» Exercise details: Leave the pictures out and restate each entry below word for word.

» Data section:

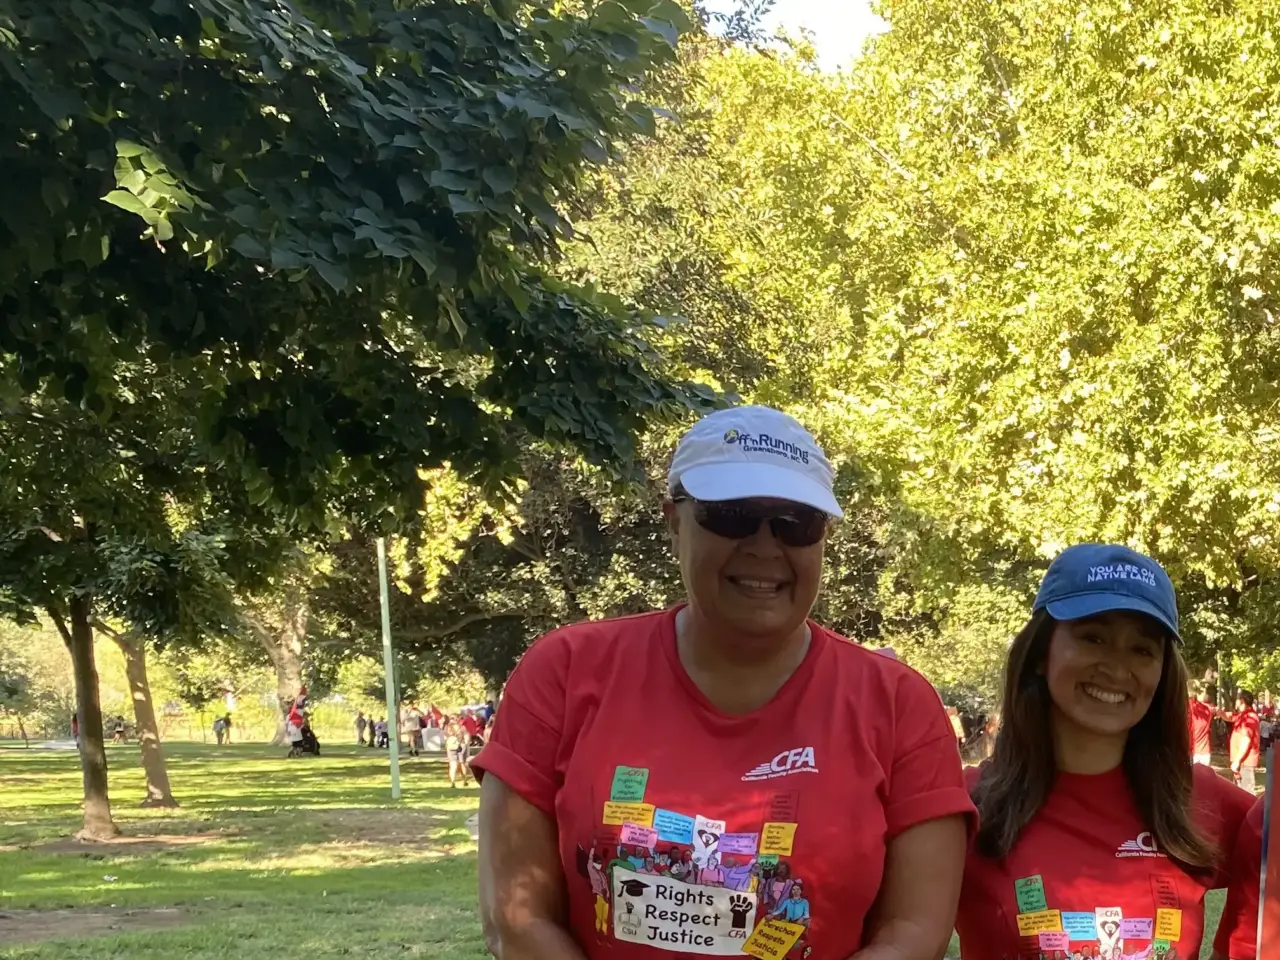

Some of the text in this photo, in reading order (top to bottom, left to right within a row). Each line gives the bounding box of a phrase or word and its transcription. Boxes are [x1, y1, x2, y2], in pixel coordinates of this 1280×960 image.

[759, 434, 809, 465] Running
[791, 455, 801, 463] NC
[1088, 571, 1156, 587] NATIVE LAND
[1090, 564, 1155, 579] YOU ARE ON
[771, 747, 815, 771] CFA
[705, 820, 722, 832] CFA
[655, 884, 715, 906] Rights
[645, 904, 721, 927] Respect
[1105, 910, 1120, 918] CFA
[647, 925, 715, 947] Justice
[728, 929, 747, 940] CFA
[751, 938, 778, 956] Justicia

» Exercise solution:
Some of the text in this photo, in reading order (top to bottom, left to right within a row). Each line gives the bounding box of a phrase or word and its transcription. Boxes are [x1, y1, x2, y2], in pixel coordinates of this 1280×960 image.

[759, 434, 809, 465] Running
[791, 455, 801, 463] NC
[1088, 571, 1156, 587] NATIVE LAND
[1090, 564, 1155, 579] YOU ARE ON
[771, 747, 815, 771] CFA
[705, 820, 722, 832] CFA
[655, 884, 715, 906] Rights
[645, 904, 721, 927] Respect
[1105, 910, 1120, 918] CFA
[647, 925, 715, 947] Justice
[728, 929, 747, 940] CFA
[751, 938, 778, 956] Justicia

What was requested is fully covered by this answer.